Provided data Start Marker

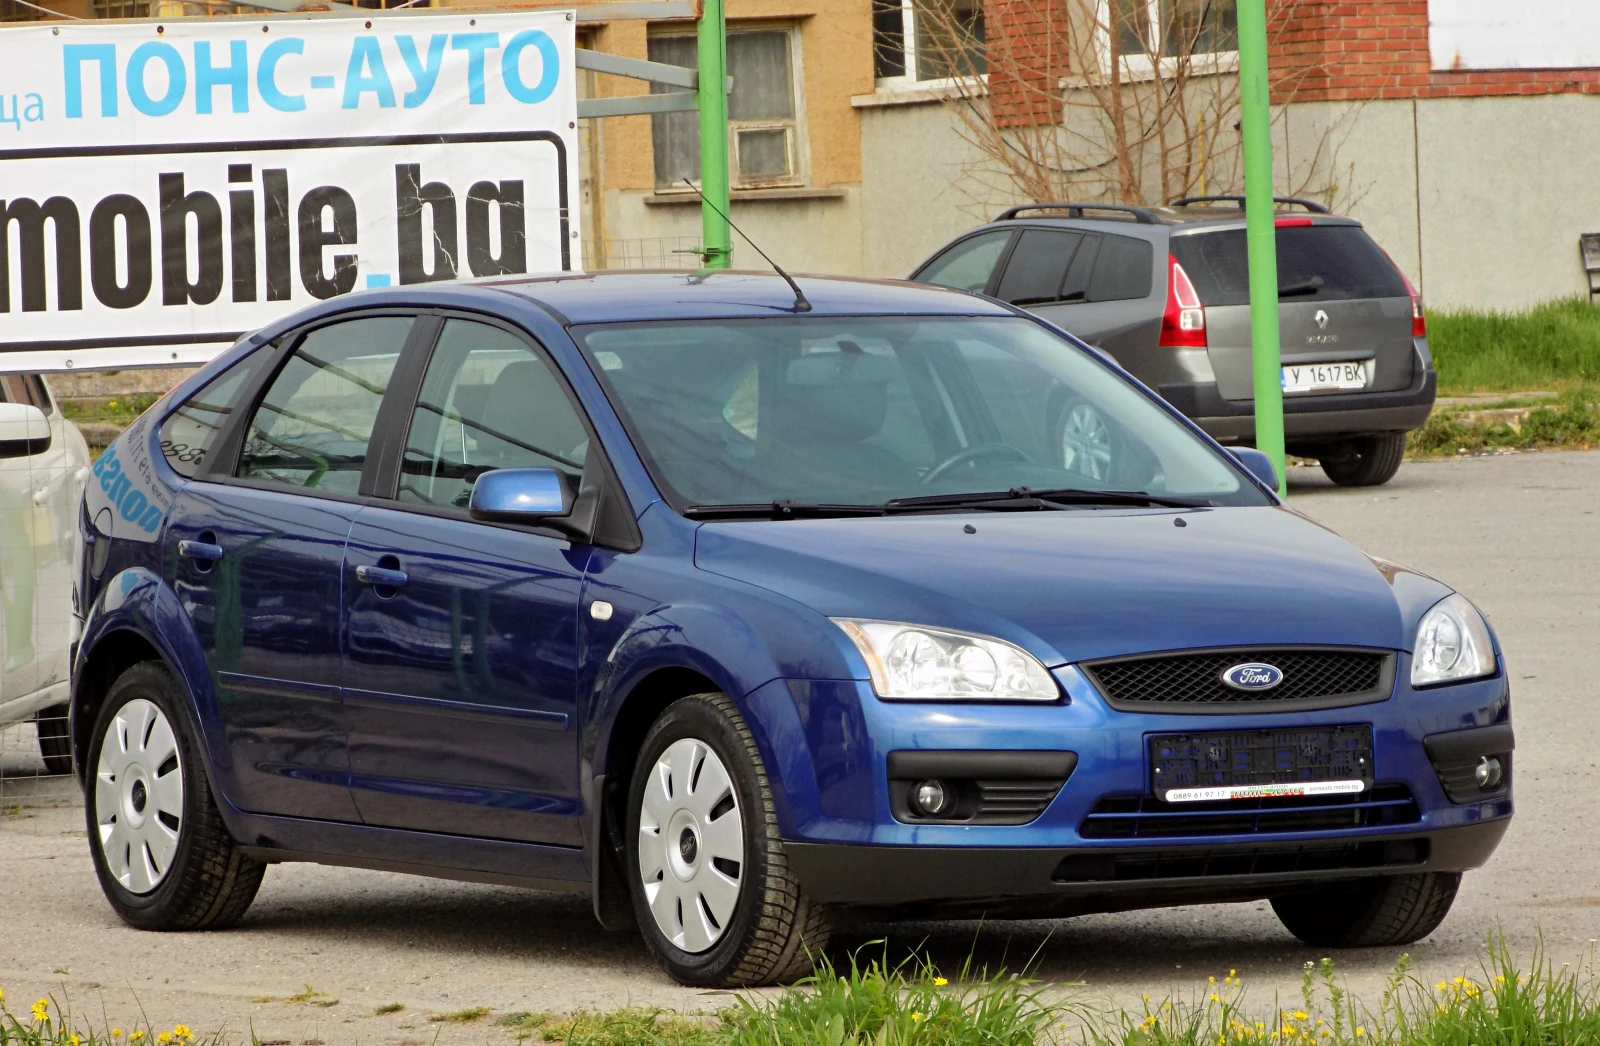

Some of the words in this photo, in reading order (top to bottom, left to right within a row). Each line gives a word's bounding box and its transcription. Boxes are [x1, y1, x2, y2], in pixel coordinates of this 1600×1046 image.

[63, 29, 560, 119] ПОНС-АУТО
[1310, 366, 1341, 382] 1617
[1239, 668, 1271, 683] Ford
[1173, 792, 1192, 800] 0889
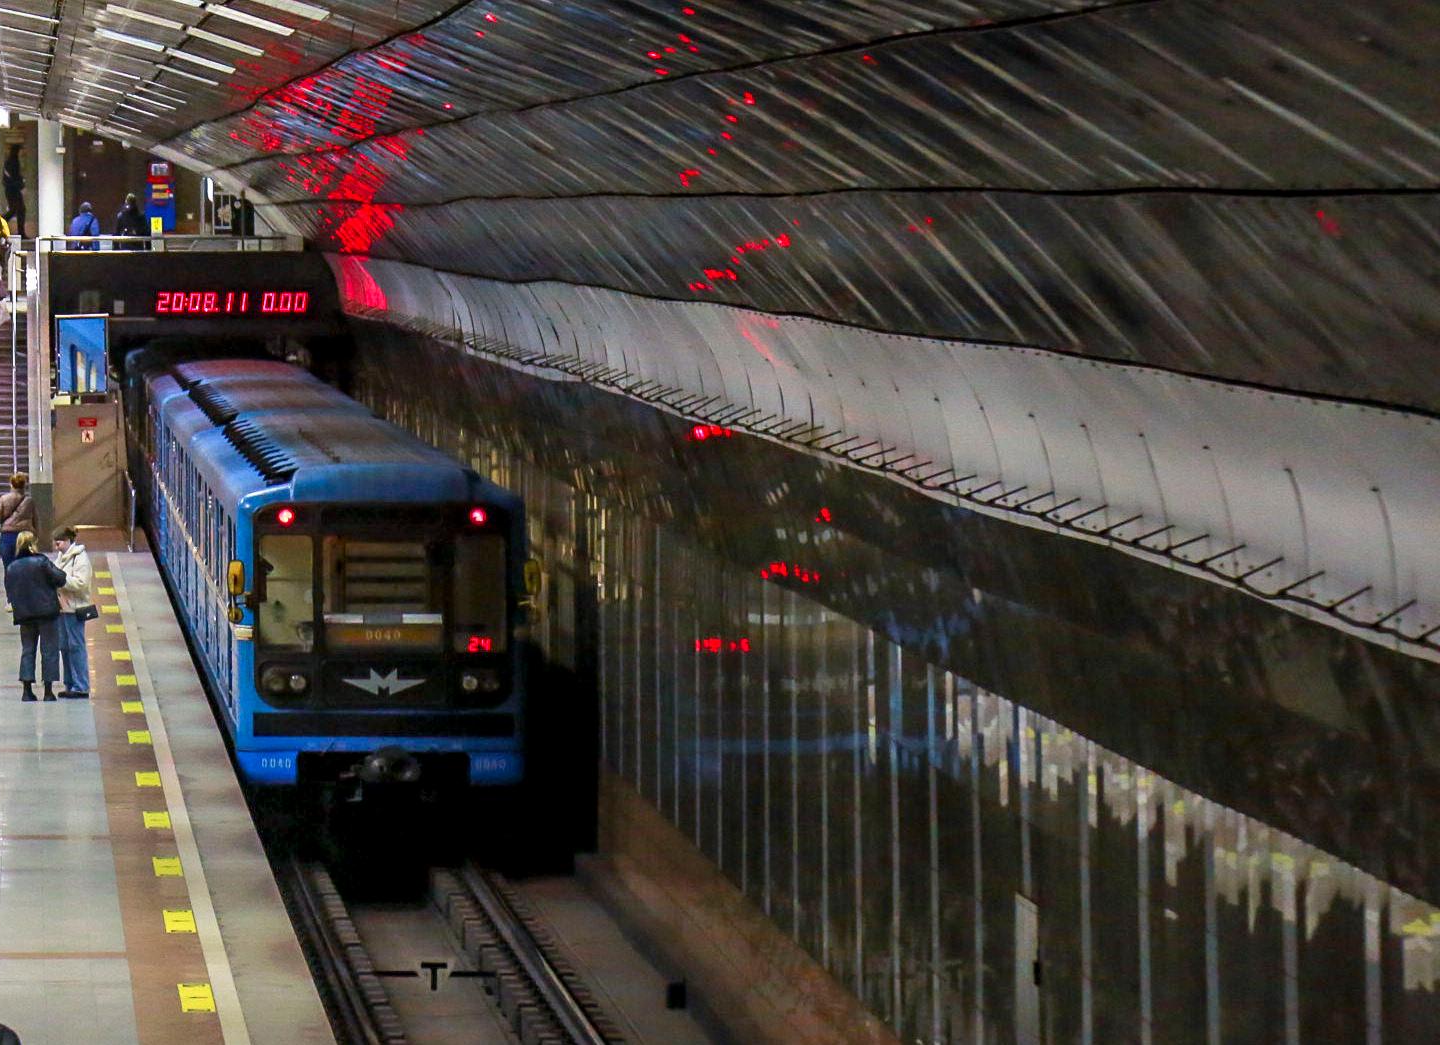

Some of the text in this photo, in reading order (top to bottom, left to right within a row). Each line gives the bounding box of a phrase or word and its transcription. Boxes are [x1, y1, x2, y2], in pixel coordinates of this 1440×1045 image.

[262, 292, 308, 312] 0.00
[365, 630, 401, 641] 0040
[467, 635, 492, 652] 24
[261, 757, 291, 769] 0040
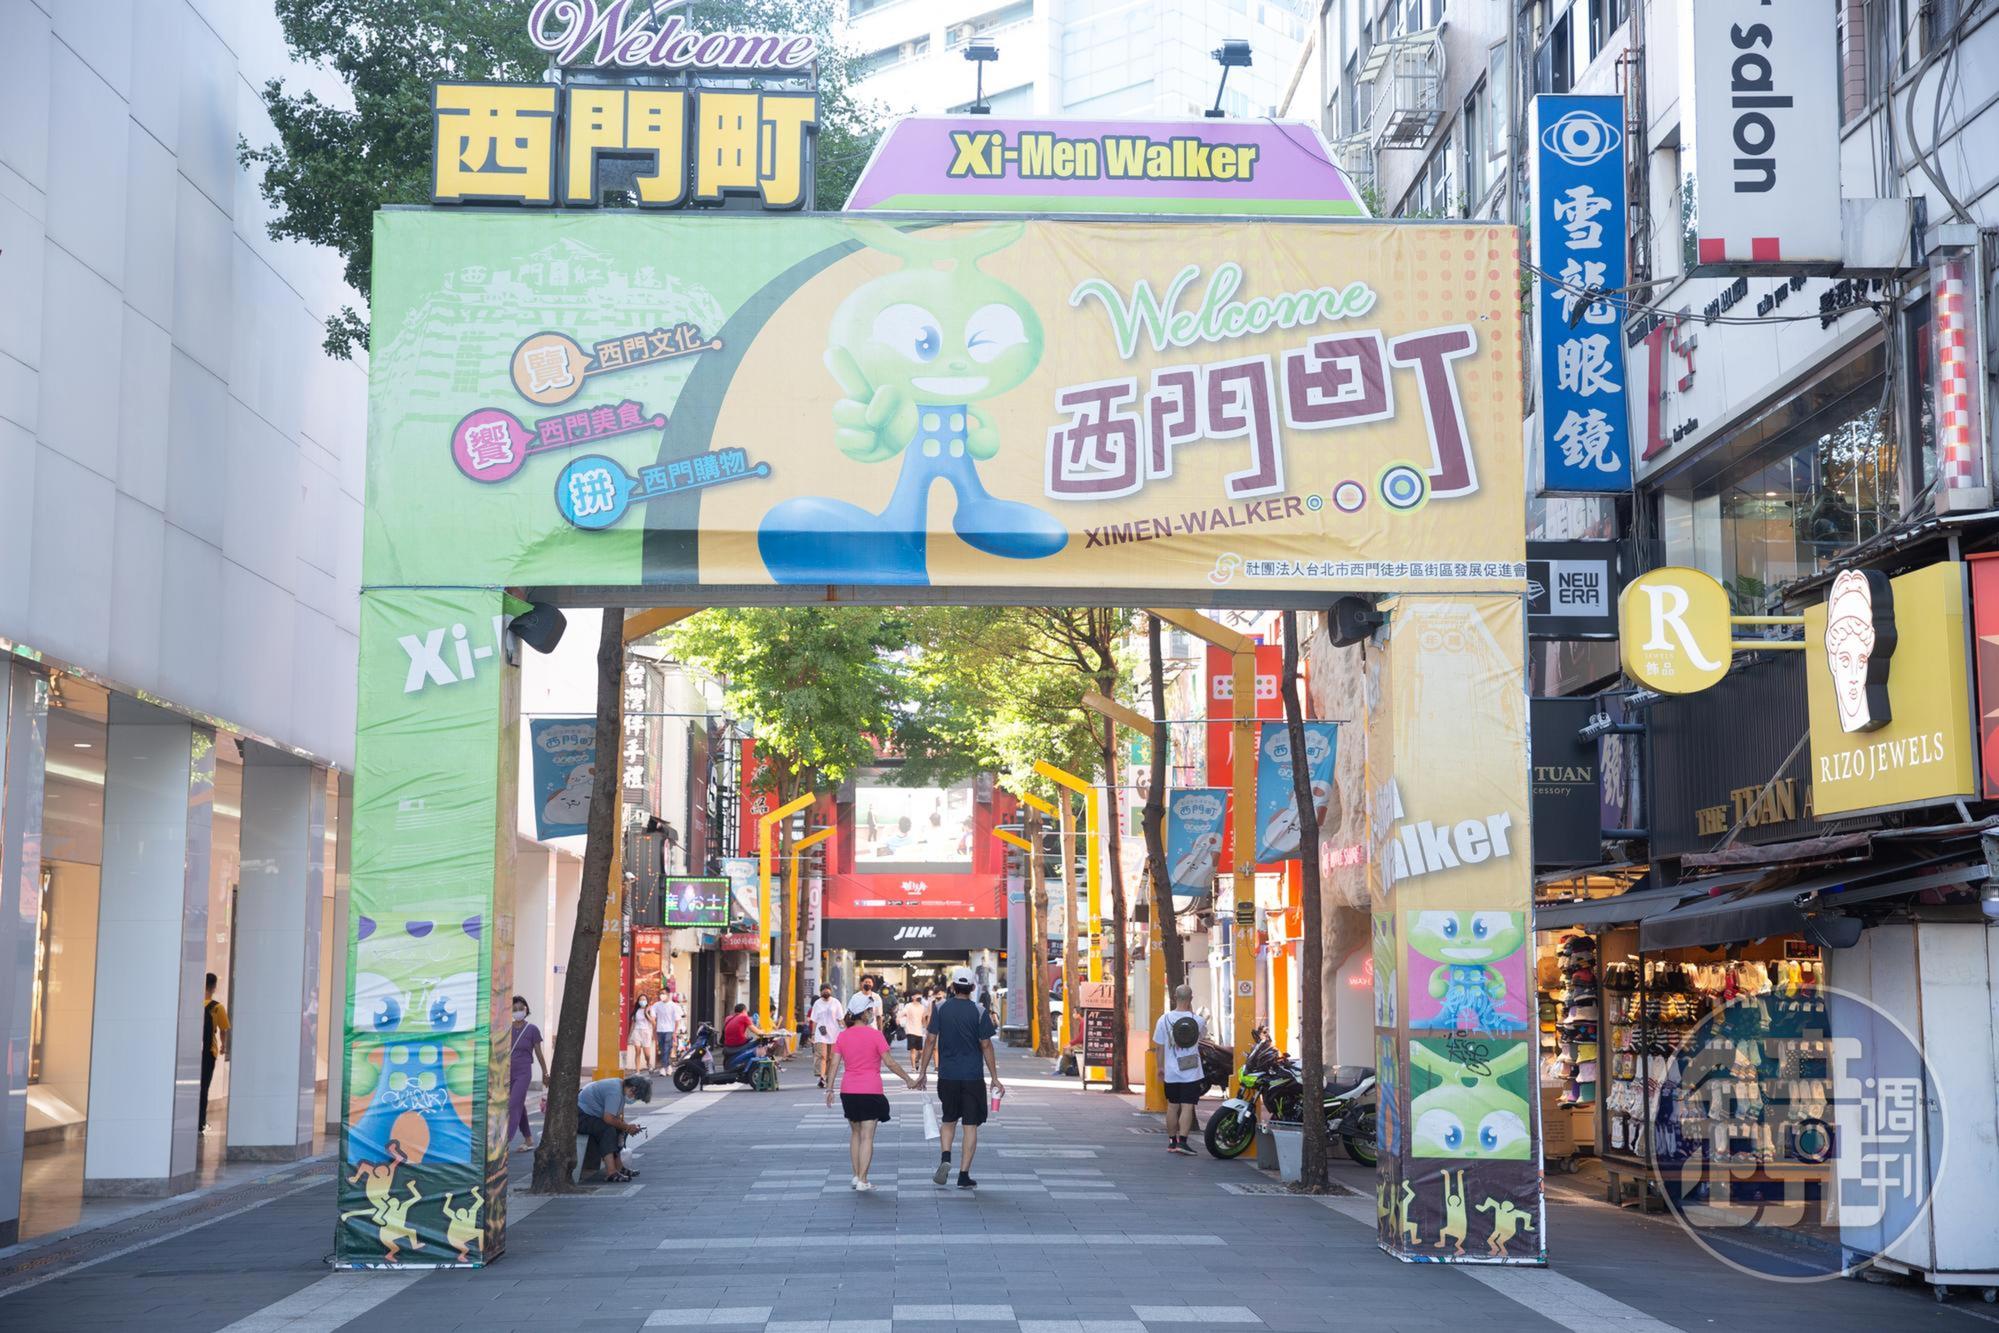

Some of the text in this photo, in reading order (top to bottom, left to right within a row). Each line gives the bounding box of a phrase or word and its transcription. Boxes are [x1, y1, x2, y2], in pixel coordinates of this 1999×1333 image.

[528, 0, 818, 69] Welcome
[1730, 22, 1793, 193] salon
[431, 83, 818, 208] 西門町
[948, 131, 1259, 182] Xi-Men Walker
[1068, 261, 1376, 360] Welcome
[1552, 184, 1622, 472] 雪龍眼鏡
[596, 323, 701, 368] 西門文化
[538, 401, 645, 445] 西門美食
[1045, 323, 1480, 500] 西門町
[642, 448, 746, 493] 西門購物
[1083, 494, 1304, 550] XIMEN-WALKER
[1245, 560, 1527, 579] 社團法人台北市西門徒步區街區發展促進會
[1558, 572, 1599, 588] NEW
[1559, 588, 1600, 604] ERA
[397, 614, 512, 693] Xi-
[1639, 584, 1722, 672] R
[1534, 766, 1593, 782] TUAN
[1819, 732, 1945, 786] RIZO JEWELS
[1695, 804, 1729, 836] THE
[1730, 777, 1798, 828] TUAN
[893, 926, 934, 941] JUN
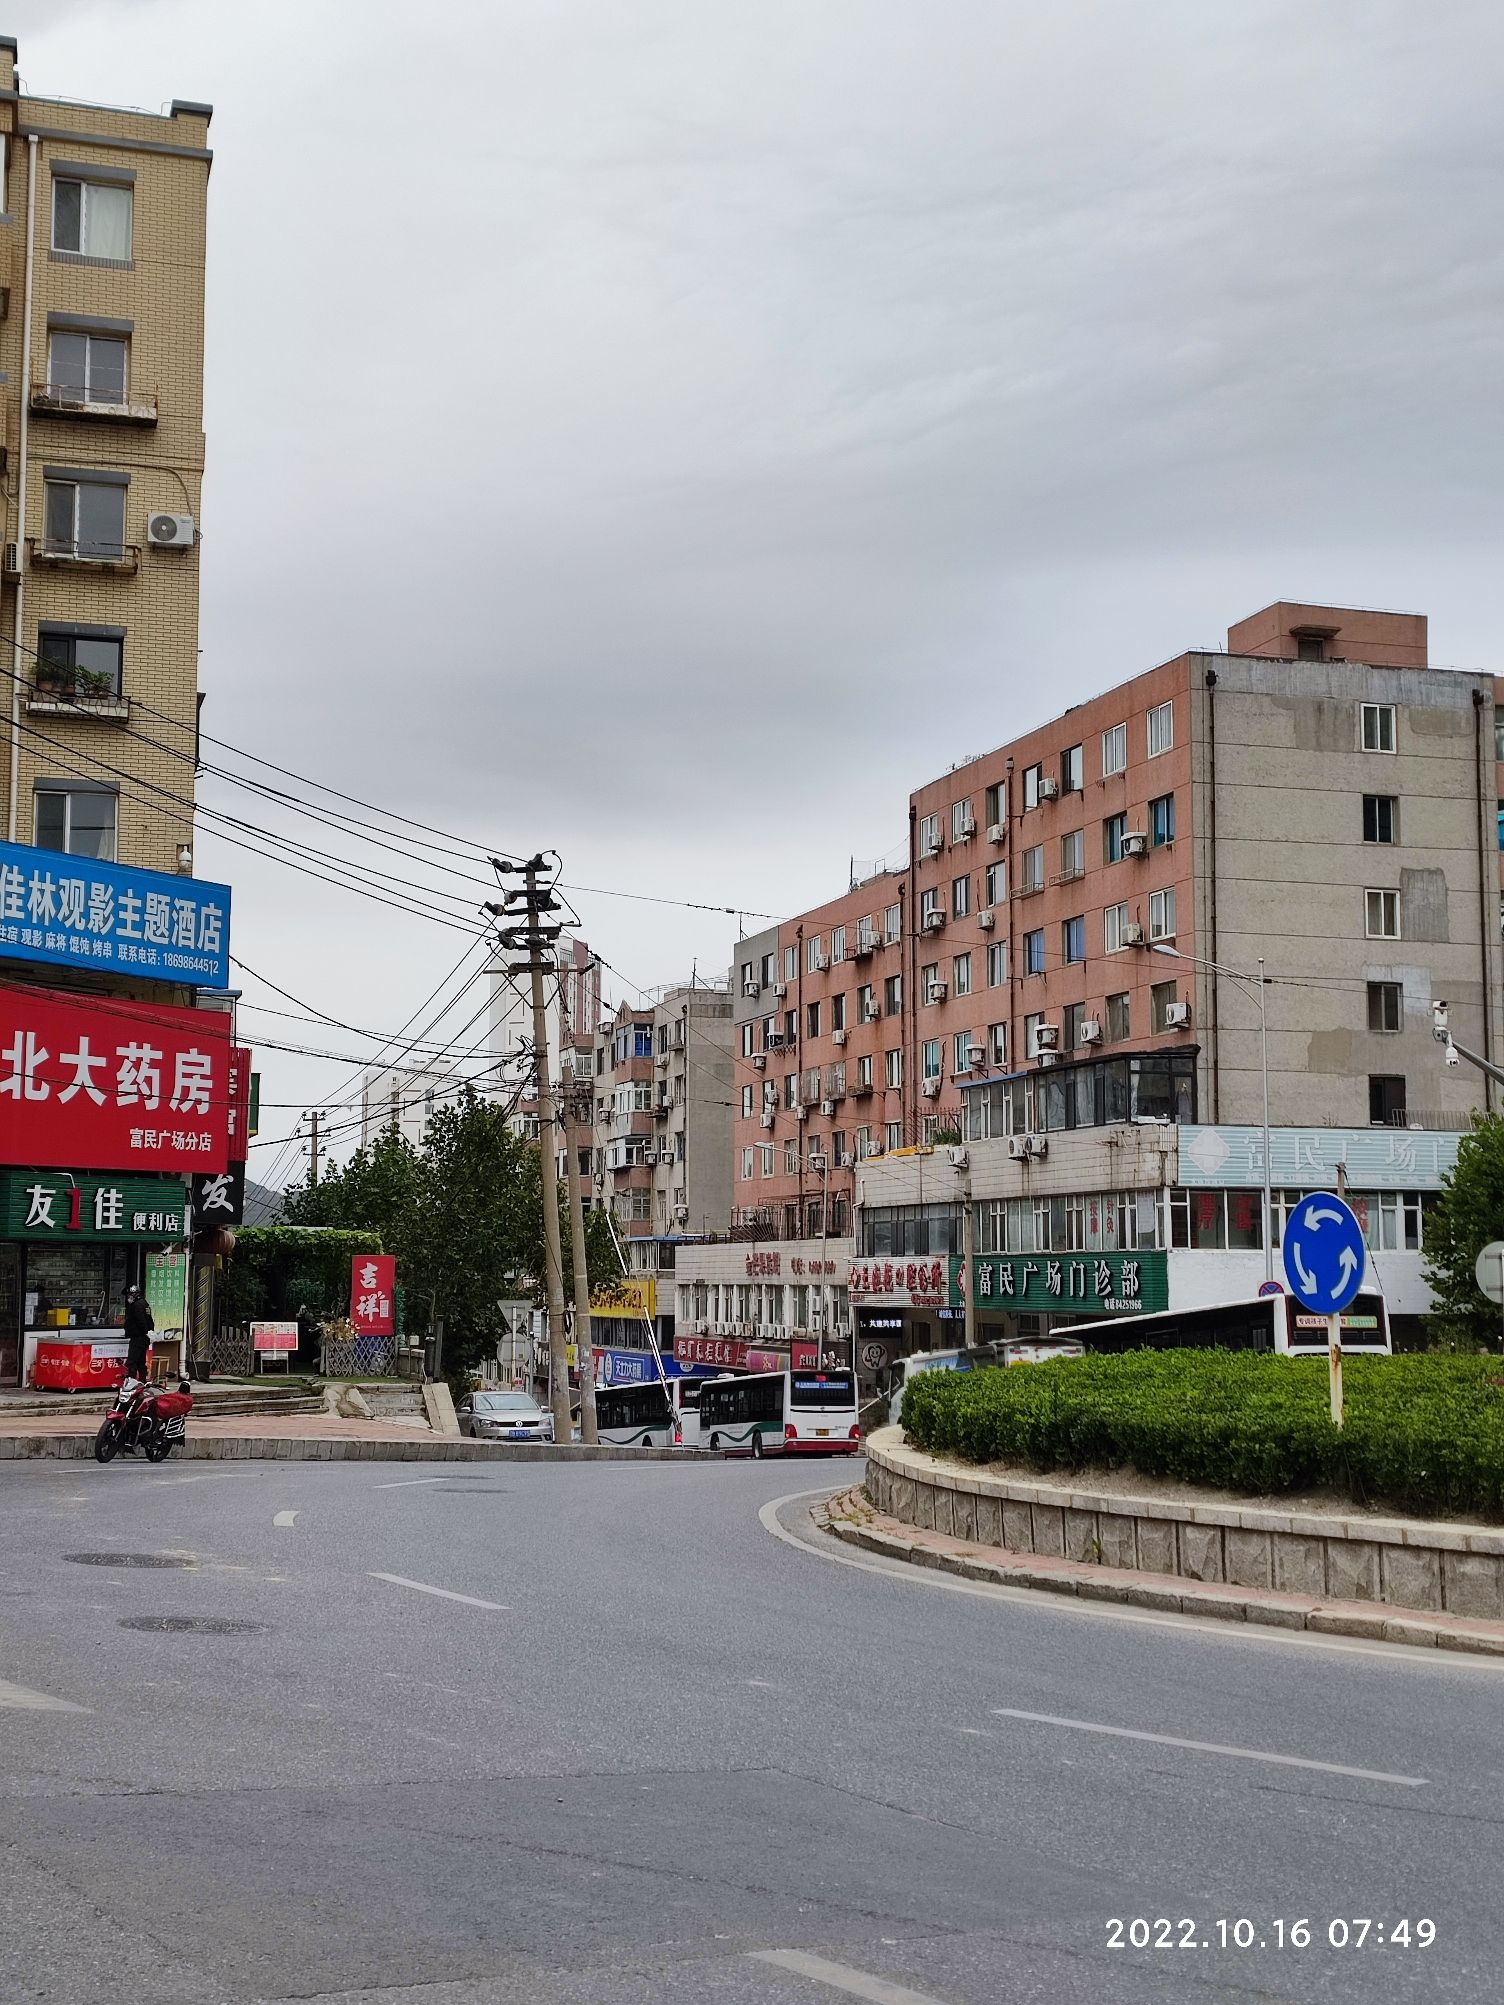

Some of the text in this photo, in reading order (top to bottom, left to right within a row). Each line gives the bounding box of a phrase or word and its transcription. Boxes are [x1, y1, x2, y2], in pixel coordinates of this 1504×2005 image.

Provided data End Marker

**The problem**
Give the entries above again in full and exactly, but not the pictures.

**Exercise answer**
Some of the words in this photo, in reading order (top to bottom, left to right within a row). Each line gives a word's bounding box and its transcription. Boxes are [x1, y1, x2, y2], in pixel coordinates of this 1600×1046 image.

[63, 29, 560, 119] ПОНС-АУТО
[1310, 366, 1341, 382] 1617
[1239, 668, 1271, 683] Ford
[1173, 792, 1192, 800] 0889

Some of the text in this photo, in reading order (top to bottom, left to right within a row). Each line gives the bounding box of a phrase or word and its transcription. Boxes are [x1, y1, x2, y2], in pixel coordinates of this 1440×1045 image.

[262, 292, 308, 312] 0.00
[365, 630, 401, 641] 0040
[467, 635, 492, 652] 24
[261, 757, 291, 769] 0040

Some of the text in this photo, in reading order (top to bottom, left to right within a row). Each line gives the bounding box of a phrase or word and its transcription. Boxes are [x1, y1, x2, y2], in pixel coordinates of this 1999×1333 image.

[528, 0, 818, 69] Welcome
[1730, 22, 1793, 193] salon
[431, 83, 818, 208] 西門町
[948, 131, 1259, 182] Xi-Men Walker
[1068, 261, 1376, 360] Welcome
[1552, 184, 1622, 472] 雪龍眼鏡
[596, 323, 701, 368] 西門文化
[538, 401, 645, 445] 西門美食
[1045, 323, 1480, 500] 西門町
[642, 448, 746, 493] 西門購物
[1083, 494, 1304, 550] XIMEN-WALKER
[1245, 560, 1527, 579] 社團法人台北市西門徒步區街區發展促進會
[1558, 572, 1599, 588] NEW
[1559, 588, 1600, 604] ERA
[397, 614, 512, 693] Xi-
[1639, 584, 1722, 672] R
[1534, 766, 1593, 782] TUAN
[1819, 732, 1945, 786] RIZO JEWELS
[1695, 804, 1729, 836] THE
[1730, 777, 1798, 828] TUAN
[893, 926, 934, 941] JUN

Some of the text in this photo, in reading order (top to bottom, left to right within a row). Each line gives the bounding box of a phrase or word and its transcription. Boxes are [x1, y1, x2, y2], in pixel coordinates of this 1504×2005 image.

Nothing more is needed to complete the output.